Swechha Jain — ANS Wealth — Analyst

Hi, sir. Am I audible?

Ashish Rai — Vice Chairman

Yes, Swechha.

Swechha Jain — ANS Wealth — Analyst

Okay. I have a follow-up. Sir, I wanted to understanding, what was our investments in SC Soft and Toshi Auto that we have done? I wanted to understand how do you think these two investments are going to help us strategically?

And another question was a follow-up I had, was from your commentary that you said that we’ve been maintaining a growth of over 30% over the last 11 quarters. So I wanted to understand, how long — like how many more quarters do you see us growing at 30% kind of a number?

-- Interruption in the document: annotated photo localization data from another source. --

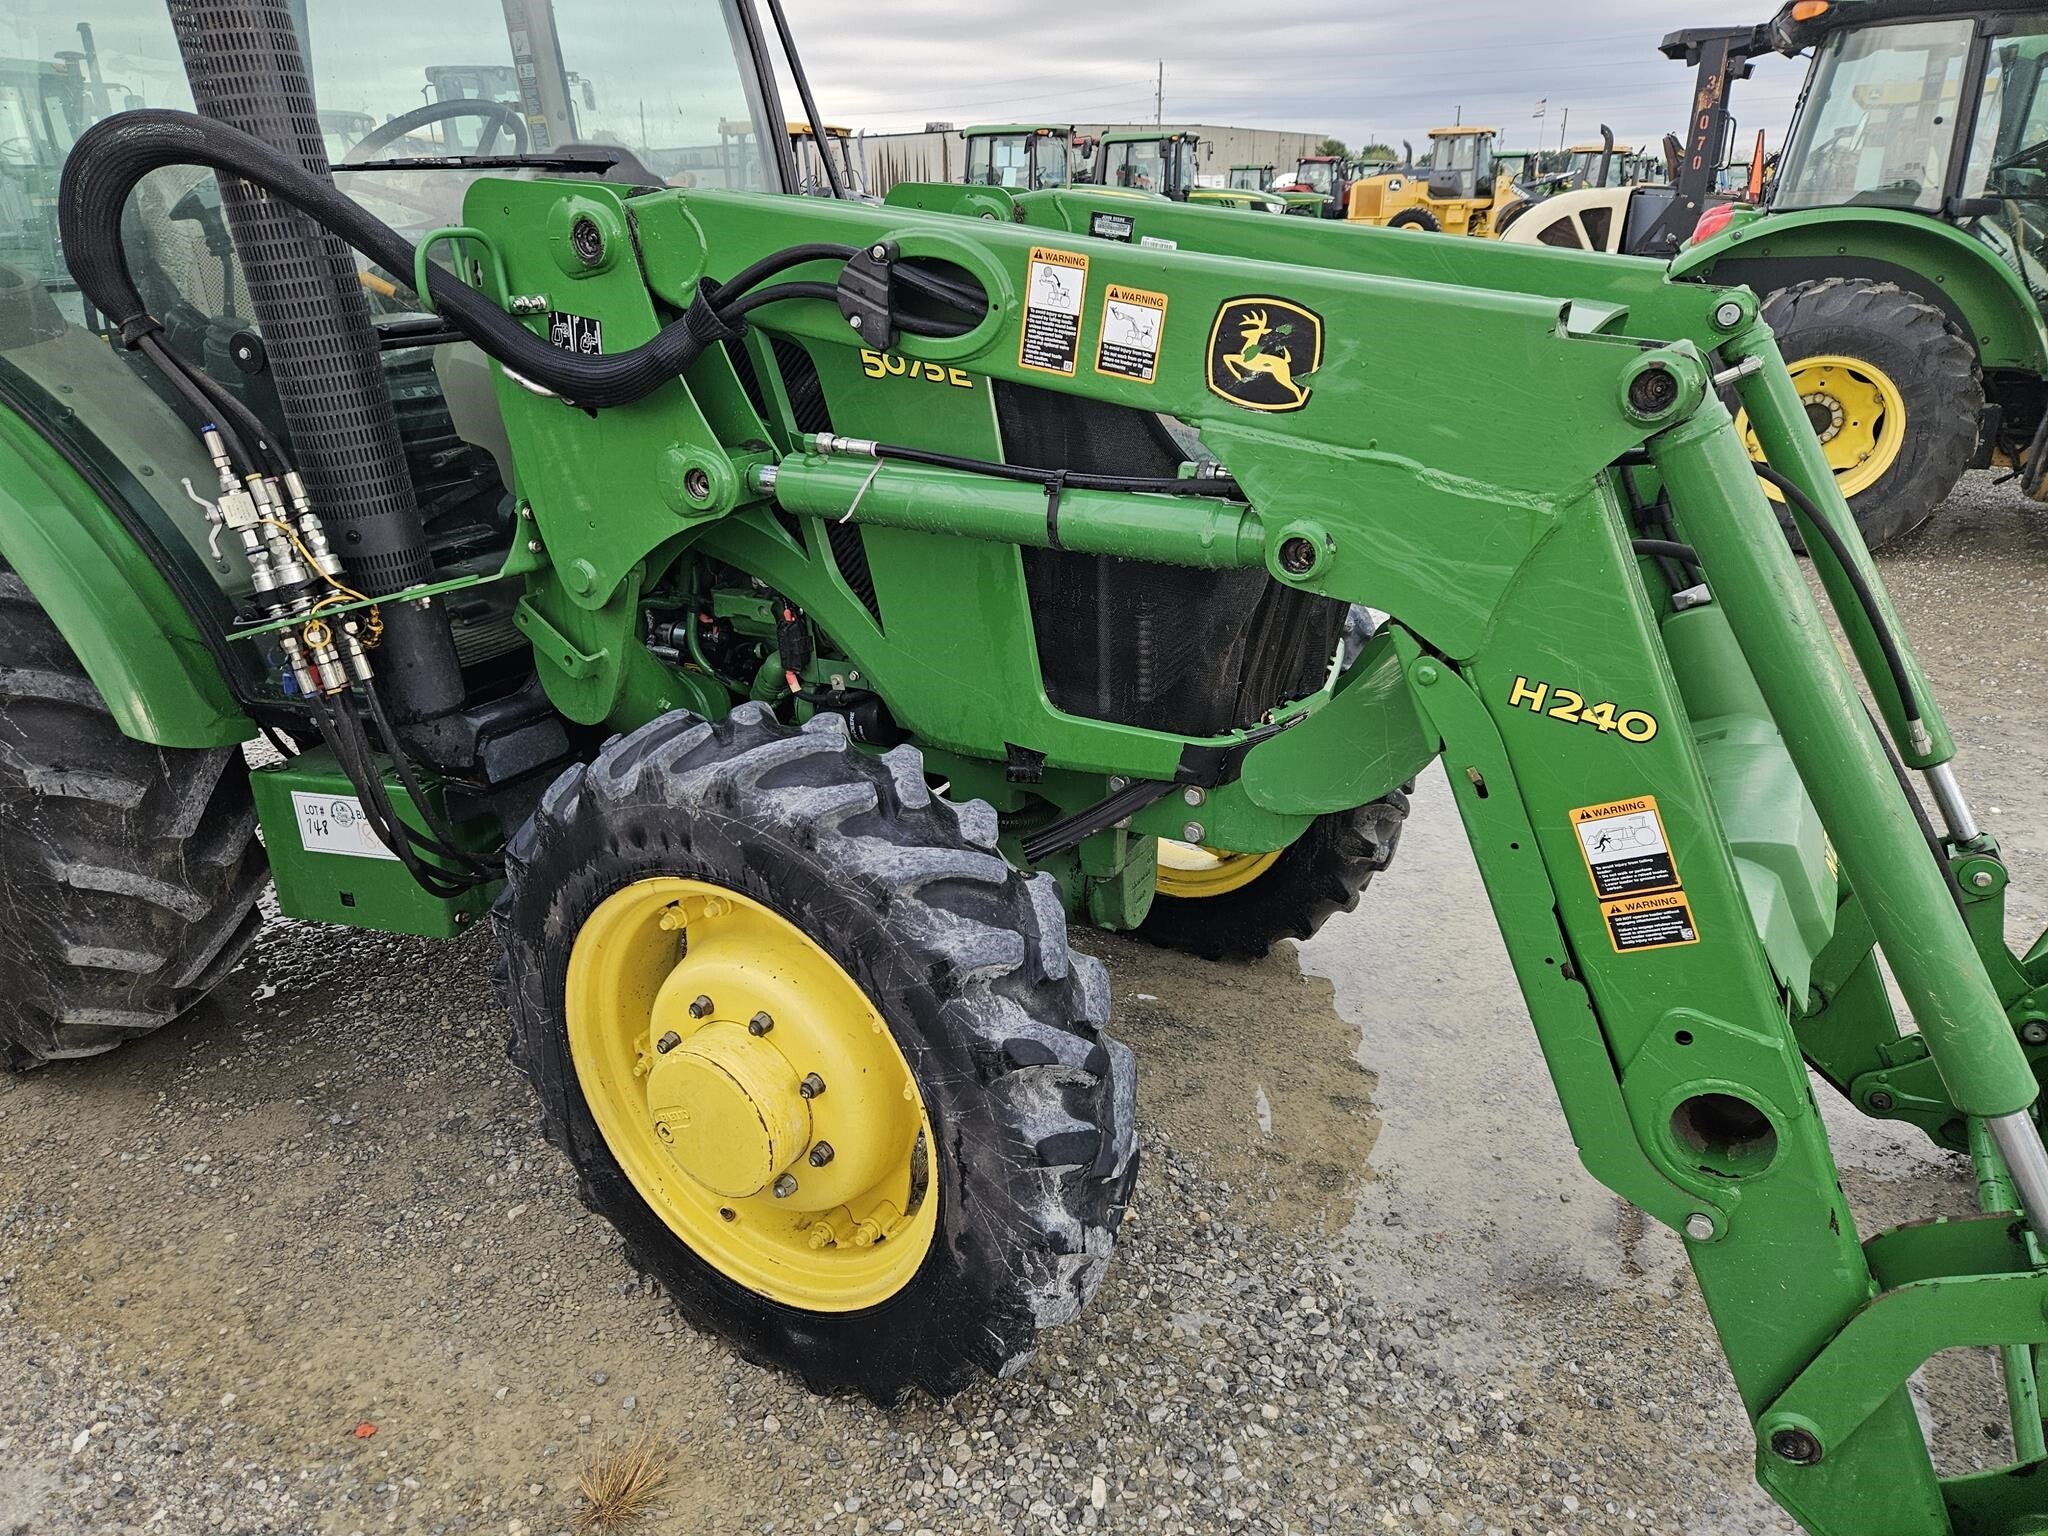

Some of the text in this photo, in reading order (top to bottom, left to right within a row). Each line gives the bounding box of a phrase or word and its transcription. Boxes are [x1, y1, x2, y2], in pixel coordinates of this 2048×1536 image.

[1045, 252, 1085, 266] WARNING
[1121, 292, 1163, 307] WARNING
[1507, 676, 1659, 742] H240
[1592, 801, 1646, 816] WARNING
[1625, 897, 1678, 911] WARNING

Ashish Rai — Vice Chairman

So we don’t see a slowdown at all. So, we expect to continue to grow at 25% to 30% in the next several quarters and beyond. So, the goal of the management team — so what we don’t give is a forward guidance going several years out. So, we don’t want to do that. What we share is an insight into our planning for the next several quarters and our performance target for the next several quarters is to continue to grow at the same rate as we’ve been growing the last three years, right. So, we don’t see a need to slow down the growth rate at the moment, either from a demand standpoint or a capacity standpoint. We believe we can keep scaling capacity at the current growth rate.

Of course, if it were to accelerate, it can become a challenge, and hence our choice of growing 25% to 30%, which is where we believe capacity can keep up with our conversions. So, that’s essentially the story there.

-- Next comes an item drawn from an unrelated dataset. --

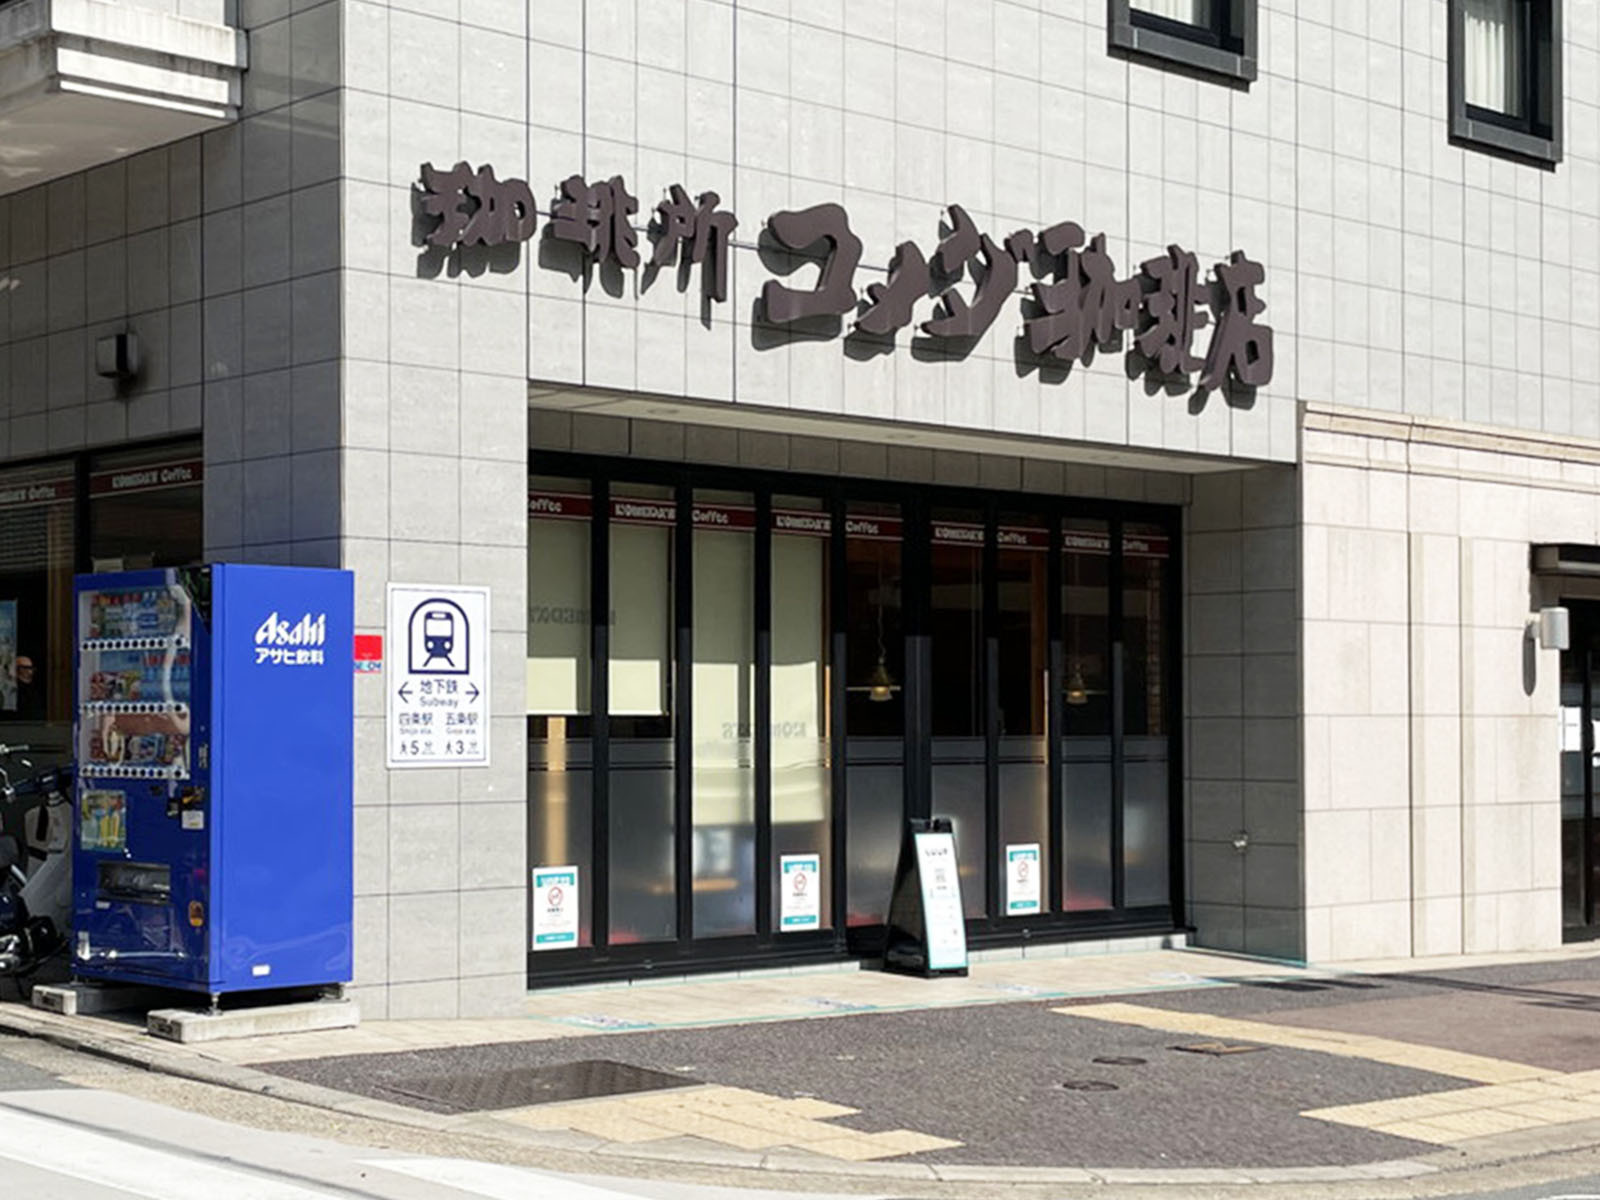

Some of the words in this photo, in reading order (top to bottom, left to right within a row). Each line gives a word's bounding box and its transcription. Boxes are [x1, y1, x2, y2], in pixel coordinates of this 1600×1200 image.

[255, 611, 326, 646] Asahi
[255, 647, 324, 665] アサヒ飲料
[420, 679, 458, 695] 地下鉄
[419, 695, 459, 708] Subway

SC Soft and Toshi, that is a great question, Swechha. Look, I think it’s important to understand what we are trying to create on the transit side, right. Under leadership of Sanjay who is the President of the business, we promoted — we have built-out today one of the most integrated end-to-end stack in the transit space. Why are we doing that? We believe it is a multi-billion dollar space globally. We see a huge momentum across the world in terms of transformation of transit payments from the legacy closed-loop systems to open-loop systems where we happen to have a cutting-edge tech stack.

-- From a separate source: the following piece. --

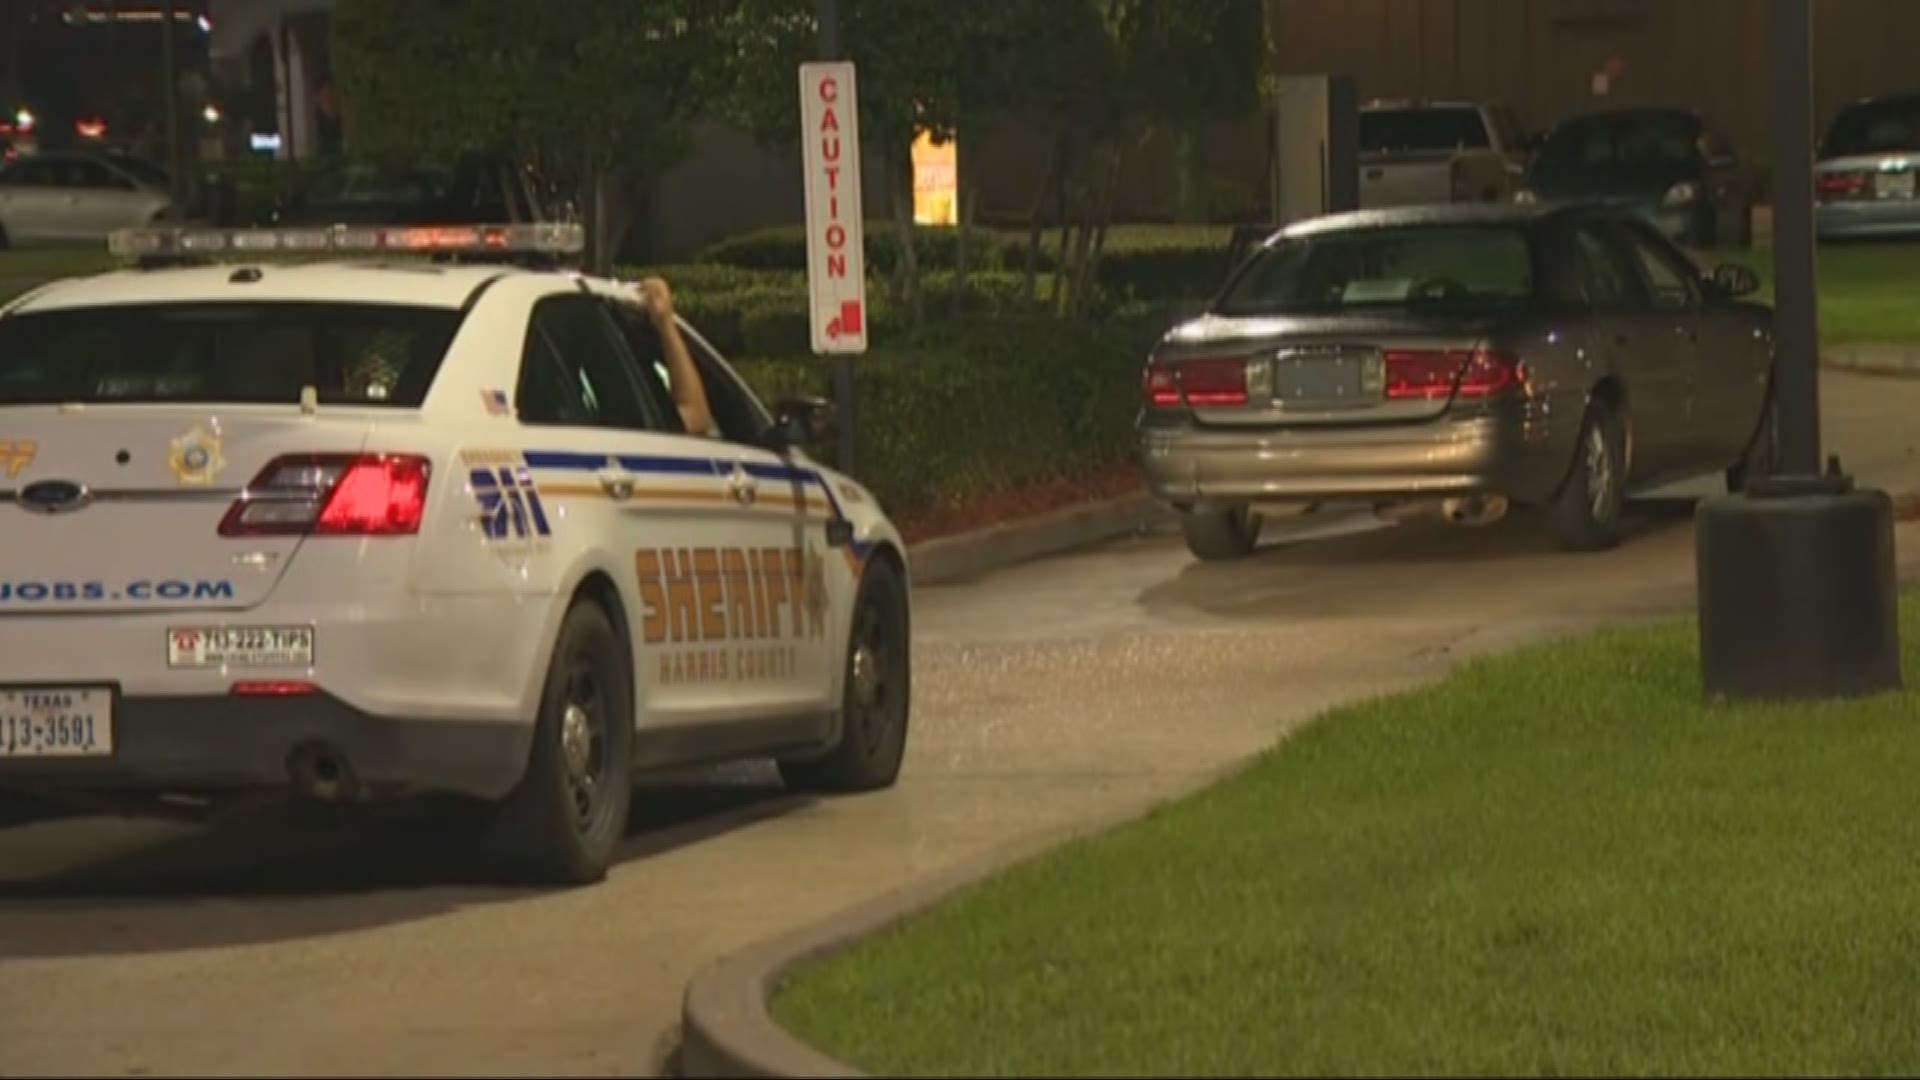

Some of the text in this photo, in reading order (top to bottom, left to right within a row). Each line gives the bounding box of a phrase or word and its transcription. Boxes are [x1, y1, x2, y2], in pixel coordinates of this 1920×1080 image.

[819, 78, 846, 278] CAUTION
[659, 647, 796, 685] HARRIS COUNTY
[23, 694, 72, 708] TEXAS

When we say we want to build-out the most end-to-end offering, it means we need to capture parts of the value chain where we are not there, right. And that explains SC Soft. SC Soft is a Singapore-based provider, very strong — most of our — a lot of our transit technology has come from there and being developed out of our R&D centers in Singapore and Istanbul as well as in India. This is where the hardware that comes in, which is being validator. And we are increasingly backward integrating that piece going down to a lower level, building more-and-more of our stuff and replacing the component side. So, we will continue to build-out global class validators and tech stack from the Singapore set-up, that’s where SC Soft off comes in.

We’ve more or less finished the acquisition. We’re acquired 90% of it with a 10% back [Phonetic]. We will put in the cash over the next couple of quarters, right. So, that is a the SC Soft.

Toshi fits in again in terms of completing out the offering stack in that business. So there Toshi comes it. A lot of the contracts come out, not just for technology, but also for things like the turnstiles and the gates and the actual core hardware component. And Toshi will help us capture that portion of the contract, so when we go out we can actually have an opening for pretty much everything that a bid is coming out.

So some bids come out purely for portion of the stack, so like just the validators, for example, or just the software, AFC, or the larger transformation contract comes for everything end-to-end. So, it gives us the ability to play in the large turnkey contracts as well as play in any part of that chain. So, Toshi takes up the manufacturing side, hardware core fracturing side. SC Soft provides the electronic manufacturing, the hardware and the tech stack, right. And we bring it together with — wrap it around with a set of services that we have and that is what allows us to go in and win a disproportionate share of business in that space.

Operator

Thank you very much. I now hand the conference over to Mr. Ashish Rai for closing comments.

Ashish Rai — Vice Chairman

Okay, so thank you everyone for joining the call. Hope it has been useful. And. I look forward to seeing you back next quarter. Thank you.